Goal of the exercise
Please return every record exactly as it appears.

Data supplied
*** Block opens ***

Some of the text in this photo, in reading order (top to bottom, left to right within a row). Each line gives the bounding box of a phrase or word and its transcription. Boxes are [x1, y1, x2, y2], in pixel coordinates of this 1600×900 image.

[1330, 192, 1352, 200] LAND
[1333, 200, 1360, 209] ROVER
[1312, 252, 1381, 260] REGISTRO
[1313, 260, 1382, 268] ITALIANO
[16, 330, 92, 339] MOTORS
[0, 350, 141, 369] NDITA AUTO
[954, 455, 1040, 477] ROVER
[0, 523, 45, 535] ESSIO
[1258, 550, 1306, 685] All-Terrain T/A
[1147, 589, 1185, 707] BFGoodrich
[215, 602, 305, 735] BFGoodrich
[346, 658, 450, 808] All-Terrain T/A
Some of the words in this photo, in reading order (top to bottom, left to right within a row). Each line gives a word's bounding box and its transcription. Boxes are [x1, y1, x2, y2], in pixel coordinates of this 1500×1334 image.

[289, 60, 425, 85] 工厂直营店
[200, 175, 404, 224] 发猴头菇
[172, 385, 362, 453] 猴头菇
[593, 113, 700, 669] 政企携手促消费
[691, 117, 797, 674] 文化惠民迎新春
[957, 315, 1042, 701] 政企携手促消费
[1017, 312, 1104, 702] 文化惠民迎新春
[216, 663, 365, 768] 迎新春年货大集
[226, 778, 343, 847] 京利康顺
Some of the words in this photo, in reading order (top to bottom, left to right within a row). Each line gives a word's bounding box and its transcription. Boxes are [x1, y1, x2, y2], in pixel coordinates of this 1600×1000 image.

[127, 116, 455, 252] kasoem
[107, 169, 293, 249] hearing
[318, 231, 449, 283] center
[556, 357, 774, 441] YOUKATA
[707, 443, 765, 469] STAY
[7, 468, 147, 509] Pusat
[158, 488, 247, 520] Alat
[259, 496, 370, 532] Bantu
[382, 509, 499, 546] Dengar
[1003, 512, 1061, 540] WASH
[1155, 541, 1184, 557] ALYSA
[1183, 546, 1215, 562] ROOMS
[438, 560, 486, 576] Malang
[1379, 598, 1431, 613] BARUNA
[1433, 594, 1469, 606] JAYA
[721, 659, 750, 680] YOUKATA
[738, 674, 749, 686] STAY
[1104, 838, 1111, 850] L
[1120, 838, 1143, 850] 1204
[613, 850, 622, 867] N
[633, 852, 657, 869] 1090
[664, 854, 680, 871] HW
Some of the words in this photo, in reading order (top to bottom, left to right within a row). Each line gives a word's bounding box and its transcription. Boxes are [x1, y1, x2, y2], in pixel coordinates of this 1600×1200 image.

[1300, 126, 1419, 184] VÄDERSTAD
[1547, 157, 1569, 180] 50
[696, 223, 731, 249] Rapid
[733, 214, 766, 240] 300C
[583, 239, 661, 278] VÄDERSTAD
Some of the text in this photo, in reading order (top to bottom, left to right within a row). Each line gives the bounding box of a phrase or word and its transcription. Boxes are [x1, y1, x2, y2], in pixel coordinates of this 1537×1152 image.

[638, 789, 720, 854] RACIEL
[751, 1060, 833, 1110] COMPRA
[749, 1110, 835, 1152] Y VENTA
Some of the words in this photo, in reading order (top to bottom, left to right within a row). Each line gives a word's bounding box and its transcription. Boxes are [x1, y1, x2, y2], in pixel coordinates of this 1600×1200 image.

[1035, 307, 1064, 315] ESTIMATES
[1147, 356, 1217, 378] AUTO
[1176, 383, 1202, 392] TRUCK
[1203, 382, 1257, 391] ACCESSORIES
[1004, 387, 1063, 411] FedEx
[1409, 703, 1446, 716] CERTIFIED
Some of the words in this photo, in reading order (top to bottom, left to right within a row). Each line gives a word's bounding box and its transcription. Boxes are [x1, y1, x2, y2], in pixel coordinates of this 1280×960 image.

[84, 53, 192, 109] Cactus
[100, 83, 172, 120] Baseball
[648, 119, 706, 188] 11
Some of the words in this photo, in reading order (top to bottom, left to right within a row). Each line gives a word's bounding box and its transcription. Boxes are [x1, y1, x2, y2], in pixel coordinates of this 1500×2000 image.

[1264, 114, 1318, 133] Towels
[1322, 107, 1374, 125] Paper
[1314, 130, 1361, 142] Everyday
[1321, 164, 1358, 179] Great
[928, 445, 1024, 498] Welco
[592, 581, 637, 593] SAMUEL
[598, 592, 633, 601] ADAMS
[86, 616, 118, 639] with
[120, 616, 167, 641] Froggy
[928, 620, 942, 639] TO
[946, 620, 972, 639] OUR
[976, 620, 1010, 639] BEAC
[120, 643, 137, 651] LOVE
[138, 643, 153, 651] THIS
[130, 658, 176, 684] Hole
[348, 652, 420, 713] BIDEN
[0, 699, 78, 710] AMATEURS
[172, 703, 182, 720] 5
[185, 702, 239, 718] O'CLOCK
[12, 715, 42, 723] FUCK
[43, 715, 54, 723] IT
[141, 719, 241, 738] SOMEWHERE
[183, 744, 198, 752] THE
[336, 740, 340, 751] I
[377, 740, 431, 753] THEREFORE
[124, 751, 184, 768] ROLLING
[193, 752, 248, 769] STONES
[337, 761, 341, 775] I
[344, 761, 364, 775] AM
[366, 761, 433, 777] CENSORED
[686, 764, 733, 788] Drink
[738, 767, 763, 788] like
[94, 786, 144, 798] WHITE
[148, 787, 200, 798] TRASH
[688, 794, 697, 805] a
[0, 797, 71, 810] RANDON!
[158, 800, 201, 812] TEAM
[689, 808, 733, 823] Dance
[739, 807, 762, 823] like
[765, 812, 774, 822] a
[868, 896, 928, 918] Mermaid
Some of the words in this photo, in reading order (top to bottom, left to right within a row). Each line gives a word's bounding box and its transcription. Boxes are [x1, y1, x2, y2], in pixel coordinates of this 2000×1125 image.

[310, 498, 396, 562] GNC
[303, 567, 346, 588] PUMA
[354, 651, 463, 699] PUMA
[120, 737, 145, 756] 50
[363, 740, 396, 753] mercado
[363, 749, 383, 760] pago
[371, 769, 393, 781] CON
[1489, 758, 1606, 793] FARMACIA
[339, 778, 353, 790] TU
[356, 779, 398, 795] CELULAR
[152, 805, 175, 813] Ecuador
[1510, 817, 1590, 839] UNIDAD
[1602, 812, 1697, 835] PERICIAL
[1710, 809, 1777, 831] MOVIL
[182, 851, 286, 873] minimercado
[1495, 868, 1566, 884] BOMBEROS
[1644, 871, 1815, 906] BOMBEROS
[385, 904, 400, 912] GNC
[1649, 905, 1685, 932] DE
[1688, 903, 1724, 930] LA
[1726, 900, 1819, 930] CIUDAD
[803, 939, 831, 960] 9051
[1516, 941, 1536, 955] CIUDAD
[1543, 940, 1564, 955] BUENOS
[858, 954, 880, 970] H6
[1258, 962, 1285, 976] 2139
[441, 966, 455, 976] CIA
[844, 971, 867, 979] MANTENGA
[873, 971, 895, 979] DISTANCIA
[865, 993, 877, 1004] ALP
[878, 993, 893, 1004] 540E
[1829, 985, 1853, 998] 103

*** Block closes ***

Exercise answer
Some of the text in this photo, in reading order (top to bottom, left to right within a row). Each line gives the bounding box of a phrase or word and its transcription. Boxes are [x1, y1, x2, y2], in pixel coordinates of this 1600×900 image.

[1330, 192, 1352, 200] LAND
[1333, 200, 1360, 209] ROVER
[1312, 252, 1381, 260] REGISTRO
[1313, 260, 1382, 268] ITALIANO
[16, 330, 92, 339] MOTORS
[0, 350, 141, 369] NDITA AUTO
[954, 455, 1040, 477] ROVER
[0, 523, 45, 535] ESSIO
[1258, 550, 1306, 685] All-Terrain T/A
[1147, 589, 1185, 707] BFGoodrich
[215, 602, 305, 735] BFGoodrich
[346, 658, 450, 808] All-Terrain T/A
Some of the words in this photo, in reading order (top to bottom, left to right within a row). Each line gives a word's bounding box and its transcription. Boxes are [x1, y1, x2, y2], in pixel coordinates of this 1500×1334 image.

[289, 60, 425, 85] 工厂直营店
[200, 175, 404, 224] 发猴头菇
[172, 385, 362, 453] 猴头菇
[593, 113, 700, 669] 政企携手促消费
[691, 117, 797, 674] 文化惠民迎新春
[957, 315, 1042, 701] 政企携手促消费
[1017, 312, 1104, 702] 文化惠民迎新春
[216, 663, 365, 768] 迎新春年货大集
[226, 778, 343, 847] 京利康顺
Some of the words in this photo, in reading order (top to bottom, left to right within a row). Each line gives a word's bounding box and its transcription. Boxes are [x1, y1, x2, y2], in pixel coordinates of this 1600×1000 image.

[127, 116, 455, 252] kasoem
[107, 169, 293, 249] hearing
[318, 231, 449, 283] center
[556, 357, 774, 441] YOUKATA
[707, 443, 765, 469] STAY
[7, 468, 147, 509] Pusat
[158, 488, 247, 520] Alat
[259, 496, 370, 532] Bantu
[382, 509, 499, 546] Dengar
[1003, 512, 1061, 540] WASH
[1155, 541, 1184, 557] ALYSA
[1183, 546, 1215, 562] ROOMS
[438, 560, 486, 576] Malang
[1379, 598, 1431, 613] BARUNA
[1433, 594, 1469, 606] JAYA
[721, 659, 750, 680] YOUKATA
[738, 674, 749, 686] STAY
[1104, 838, 1111, 850] L
[1120, 838, 1143, 850] 1204
[613, 850, 622, 867] N
[633, 852, 657, 869] 1090
[664, 854, 680, 871] HW
Some of the words in this photo, in reading order (top to bottom, left to right within a row). Each line gives a word's bounding box and its transcription. Boxes are [x1, y1, x2, y2], in pixel coordinates of this 1600×1200 image.

[1300, 126, 1419, 184] VÄDERSTAD
[1547, 157, 1569, 180] 50
[696, 223, 731, 249] Rapid
[733, 214, 766, 240] 300C
[583, 239, 661, 278] VÄDERSTAD
Some of the text in this photo, in reading order (top to bottom, left to right within a row). Each line gives the bounding box of a phrase or word and its transcription. Boxes are [x1, y1, x2, y2], in pixel coordinates of this 1537×1152 image.

[638, 789, 720, 854] RACIEL
[751, 1060, 833, 1110] COMPRA
[749, 1110, 835, 1152] Y VENTA
Some of the words in this photo, in reading order (top to bottom, left to right within a row). Each line gives a word's bounding box and its transcription. Boxes are [x1, y1, x2, y2], in pixel coordinates of this 1600×1200 image.

[1035, 307, 1064, 315] ESTIMATES
[1147, 356, 1217, 378] AUTO
[1176, 383, 1202, 392] TRUCK
[1203, 382, 1257, 391] ACCESSORIES
[1004, 387, 1063, 411] FedEx
[1409, 703, 1446, 716] CERTIFIED
Some of the words in this photo, in reading order (top to bottom, left to right within a row). Each line gives a word's bounding box and its transcription. Boxes are [x1, y1, x2, y2], in pixel coordinates of this 1280×960 image.

[84, 53, 192, 109] Cactus
[100, 83, 172, 120] Baseball
[648, 119, 706, 188] 11
Some of the words in this photo, in reading order (top to bottom, left to right within a row). Each line gives a word's bounding box and its transcription. Boxes are [x1, y1, x2, y2], in pixel coordinates of this 1500×2000 image.

[1264, 114, 1318, 133] Towels
[1322, 107, 1374, 125] Paper
[1314, 130, 1361, 142] Everyday
[1321, 164, 1358, 179] Great
[928, 445, 1024, 498] Welco
[592, 581, 637, 593] SAMUEL
[598, 592, 633, 601] ADAMS
[86, 616, 118, 639] with
[120, 616, 167, 641] Froggy
[928, 620, 942, 639] TO
[946, 620, 972, 639] OUR
[976, 620, 1010, 639] BEAC
[120, 643, 137, 651] LOVE
[138, 643, 153, 651] THIS
[130, 658, 176, 684] Hole
[348, 652, 420, 713] BIDEN
[0, 699, 78, 710] AMATEURS
[172, 703, 182, 720] 5
[185, 702, 239, 718] O'CLOCK
[12, 715, 42, 723] FUCK
[43, 715, 54, 723] IT
[141, 719, 241, 738] SOMEWHERE
[183, 744, 198, 752] THE
[336, 740, 340, 751] I
[377, 740, 431, 753] THEREFORE
[124, 751, 184, 768] ROLLING
[193, 752, 248, 769] STONES
[337, 761, 341, 775] I
[344, 761, 364, 775] AM
[366, 761, 433, 777] CENSORED
[686, 764, 733, 788] Drink
[738, 767, 763, 788] like
[94, 786, 144, 798] WHITE
[148, 787, 200, 798] TRASH
[688, 794, 697, 805] a
[0, 797, 71, 810] RANDON!
[158, 800, 201, 812] TEAM
[689, 808, 733, 823] Dance
[739, 807, 762, 823] like
[765, 812, 774, 822] a
[868, 896, 928, 918] Mermaid
Some of the words in this photo, in reading order (top to bottom, left to right within a row). Each line gives a word's bounding box and its transcription. Boxes are [x1, y1, x2, y2], in pixel coordinates of this 2000×1125 image.

[310, 498, 396, 562] GNC
[303, 567, 346, 588] PUMA
[354, 651, 463, 699] PUMA
[120, 737, 145, 756] 50
[363, 740, 396, 753] mercado
[363, 749, 383, 760] pago
[371, 769, 393, 781] CON
[1489, 758, 1606, 793] FARMACIA
[339, 778, 353, 790] TU
[356, 779, 398, 795] CELULAR
[152, 805, 175, 813] Ecuador
[1510, 817, 1590, 839] UNIDAD
[1602, 812, 1697, 835] PERICIAL
[1710, 809, 1777, 831] MOVIL
[182, 851, 286, 873] minimercado
[1495, 868, 1566, 884] BOMBEROS
[1644, 871, 1815, 906] BOMBEROS
[385, 904, 400, 912] GNC
[1649, 905, 1685, 932] DE
[1688, 903, 1724, 930] LA
[1726, 900, 1819, 930] CIUDAD
[803, 939, 831, 960] 9051
[1516, 941, 1536, 955] CIUDAD
[1543, 940, 1564, 955] BUENOS
[858, 954, 880, 970] H6
[1258, 962, 1285, 976] 2139
[441, 966, 455, 976] CIA
[844, 971, 867, 979] MANTENGA
[873, 971, 895, 979] DISTANCIA
[865, 993, 877, 1004] ALP
[878, 993, 893, 1004] 540E
[1829, 985, 1853, 998] 103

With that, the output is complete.